(The problem) For every record here, output an exact copy.

#### Recorded information ####

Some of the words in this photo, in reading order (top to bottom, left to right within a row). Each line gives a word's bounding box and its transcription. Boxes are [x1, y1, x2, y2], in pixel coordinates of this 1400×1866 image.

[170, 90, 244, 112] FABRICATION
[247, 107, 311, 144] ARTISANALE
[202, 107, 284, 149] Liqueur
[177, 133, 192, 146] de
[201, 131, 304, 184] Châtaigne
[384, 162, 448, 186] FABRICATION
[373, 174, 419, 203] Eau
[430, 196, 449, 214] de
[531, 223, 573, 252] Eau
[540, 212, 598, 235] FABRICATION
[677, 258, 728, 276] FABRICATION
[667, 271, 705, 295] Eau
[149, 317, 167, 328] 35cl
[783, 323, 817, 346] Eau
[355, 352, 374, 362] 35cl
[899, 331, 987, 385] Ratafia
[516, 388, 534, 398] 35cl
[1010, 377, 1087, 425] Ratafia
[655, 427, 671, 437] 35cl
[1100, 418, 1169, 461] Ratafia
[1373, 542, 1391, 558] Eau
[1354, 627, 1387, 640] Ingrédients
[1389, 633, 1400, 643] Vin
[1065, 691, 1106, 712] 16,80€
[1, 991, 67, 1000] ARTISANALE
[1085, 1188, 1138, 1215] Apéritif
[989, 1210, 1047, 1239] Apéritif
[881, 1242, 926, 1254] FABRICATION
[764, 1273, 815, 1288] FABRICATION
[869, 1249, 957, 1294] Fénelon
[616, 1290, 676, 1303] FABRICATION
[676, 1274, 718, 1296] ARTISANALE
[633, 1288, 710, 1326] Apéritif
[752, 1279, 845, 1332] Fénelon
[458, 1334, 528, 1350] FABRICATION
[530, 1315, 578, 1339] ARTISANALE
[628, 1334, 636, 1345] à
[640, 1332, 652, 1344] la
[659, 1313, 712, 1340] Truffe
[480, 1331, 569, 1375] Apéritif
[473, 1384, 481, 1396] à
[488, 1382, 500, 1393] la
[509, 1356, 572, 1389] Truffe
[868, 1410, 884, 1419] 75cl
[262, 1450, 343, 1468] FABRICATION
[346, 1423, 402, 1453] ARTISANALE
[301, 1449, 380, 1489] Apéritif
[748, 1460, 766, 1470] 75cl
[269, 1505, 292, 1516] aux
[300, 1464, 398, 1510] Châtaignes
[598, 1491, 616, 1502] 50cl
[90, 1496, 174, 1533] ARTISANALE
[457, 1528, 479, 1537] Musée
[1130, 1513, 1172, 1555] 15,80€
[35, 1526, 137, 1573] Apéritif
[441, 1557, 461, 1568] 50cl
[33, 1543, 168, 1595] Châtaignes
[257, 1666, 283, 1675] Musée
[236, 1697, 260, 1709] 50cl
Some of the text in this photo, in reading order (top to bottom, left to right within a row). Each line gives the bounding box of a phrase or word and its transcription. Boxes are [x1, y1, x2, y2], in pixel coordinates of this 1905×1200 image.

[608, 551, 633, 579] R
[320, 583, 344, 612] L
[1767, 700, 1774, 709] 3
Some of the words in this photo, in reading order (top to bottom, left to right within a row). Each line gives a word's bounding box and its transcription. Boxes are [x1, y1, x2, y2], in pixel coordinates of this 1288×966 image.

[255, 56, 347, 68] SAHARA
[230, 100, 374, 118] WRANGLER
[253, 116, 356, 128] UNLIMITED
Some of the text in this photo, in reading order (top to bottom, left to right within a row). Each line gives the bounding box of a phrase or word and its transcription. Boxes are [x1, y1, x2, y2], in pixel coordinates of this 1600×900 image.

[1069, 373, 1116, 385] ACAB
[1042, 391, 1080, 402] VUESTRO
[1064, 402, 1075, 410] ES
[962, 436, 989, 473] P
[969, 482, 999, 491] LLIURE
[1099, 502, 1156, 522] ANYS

####

(Written answer)
Some of the words in this photo, in reading order (top to bottom, left to right within a row). Each line gives a word's bounding box and its transcription. Boxes are [x1, y1, x2, y2], in pixel coordinates of this 1400×1866 image.

[170, 90, 244, 112] FABRICATION
[247, 107, 311, 144] ARTISANALE
[202, 107, 284, 149] Liqueur
[177, 133, 192, 146] de
[201, 131, 304, 184] Châtaigne
[384, 162, 448, 186] FABRICATION
[373, 174, 419, 203] Eau
[430, 196, 449, 214] de
[531, 223, 573, 252] Eau
[540, 212, 598, 235] FABRICATION
[677, 258, 728, 276] FABRICATION
[667, 271, 705, 295] Eau
[149, 317, 167, 328] 35cl
[783, 323, 817, 346] Eau
[355, 352, 374, 362] 35cl
[899, 331, 987, 385] Ratafia
[516, 388, 534, 398] 35cl
[1010, 377, 1087, 425] Ratafia
[655, 427, 671, 437] 35cl
[1100, 418, 1169, 461] Ratafia
[1373, 542, 1391, 558] Eau
[1354, 627, 1387, 640] Ingrédients
[1389, 633, 1400, 643] Vin
[1065, 691, 1106, 712] 16,80€
[1, 991, 67, 1000] ARTISANALE
[1085, 1188, 1138, 1215] Apéritif
[989, 1210, 1047, 1239] Apéritif
[881, 1242, 926, 1254] FABRICATION
[764, 1273, 815, 1288] FABRICATION
[869, 1249, 957, 1294] Fénelon
[616, 1290, 676, 1303] FABRICATION
[676, 1274, 718, 1296] ARTISANALE
[633, 1288, 710, 1326] Apéritif
[752, 1279, 845, 1332] Fénelon
[458, 1334, 528, 1350] FABRICATION
[530, 1315, 578, 1339] ARTISANALE
[628, 1334, 636, 1345] à
[640, 1332, 652, 1344] la
[659, 1313, 712, 1340] Truffe
[480, 1331, 569, 1375] Apéritif
[473, 1384, 481, 1396] à
[488, 1382, 500, 1393] la
[509, 1356, 572, 1389] Truffe
[868, 1410, 884, 1419] 75cl
[262, 1450, 343, 1468] FABRICATION
[346, 1423, 402, 1453] ARTISANALE
[301, 1449, 380, 1489] Apéritif
[748, 1460, 766, 1470] 75cl
[269, 1505, 292, 1516] aux
[300, 1464, 398, 1510] Châtaignes
[598, 1491, 616, 1502] 50cl
[90, 1496, 174, 1533] ARTISANALE
[457, 1528, 479, 1537] Musée
[1130, 1513, 1172, 1555] 15,80€
[35, 1526, 137, 1573] Apéritif
[441, 1557, 461, 1568] 50cl
[33, 1543, 168, 1595] Châtaignes
[257, 1666, 283, 1675] Musée
[236, 1697, 260, 1709] 50cl
Some of the text in this photo, in reading order (top to bottom, left to right within a row). Each line gives the bounding box of a phrase or word and its transcription. Boxes are [x1, y1, x2, y2], in pixel coordinates of this 1905×1200 image.

[608, 551, 633, 579] R
[320, 583, 344, 612] L
[1767, 700, 1774, 709] 3
Some of the words in this photo, in reading order (top to bottom, left to right within a row). Each line gives a word's bounding box and its transcription. Boxes are [x1, y1, x2, y2], in pixel coordinates of this 1288×966 image.

[255, 56, 347, 68] SAHARA
[230, 100, 374, 118] WRANGLER
[253, 116, 356, 128] UNLIMITED
Some of the text in this photo, in reading order (top to bottom, left to right within a row). Each line gives the bounding box of a phrase or word and its transcription. Boxes are [x1, y1, x2, y2], in pixel coordinates of this 1600×900 image.

[1069, 373, 1116, 385] ACAB
[1042, 391, 1080, 402] VUESTRO
[1064, 402, 1075, 410] ES
[962, 436, 989, 473] P
[969, 482, 999, 491] LLIURE
[1099, 502, 1156, 522] ANYS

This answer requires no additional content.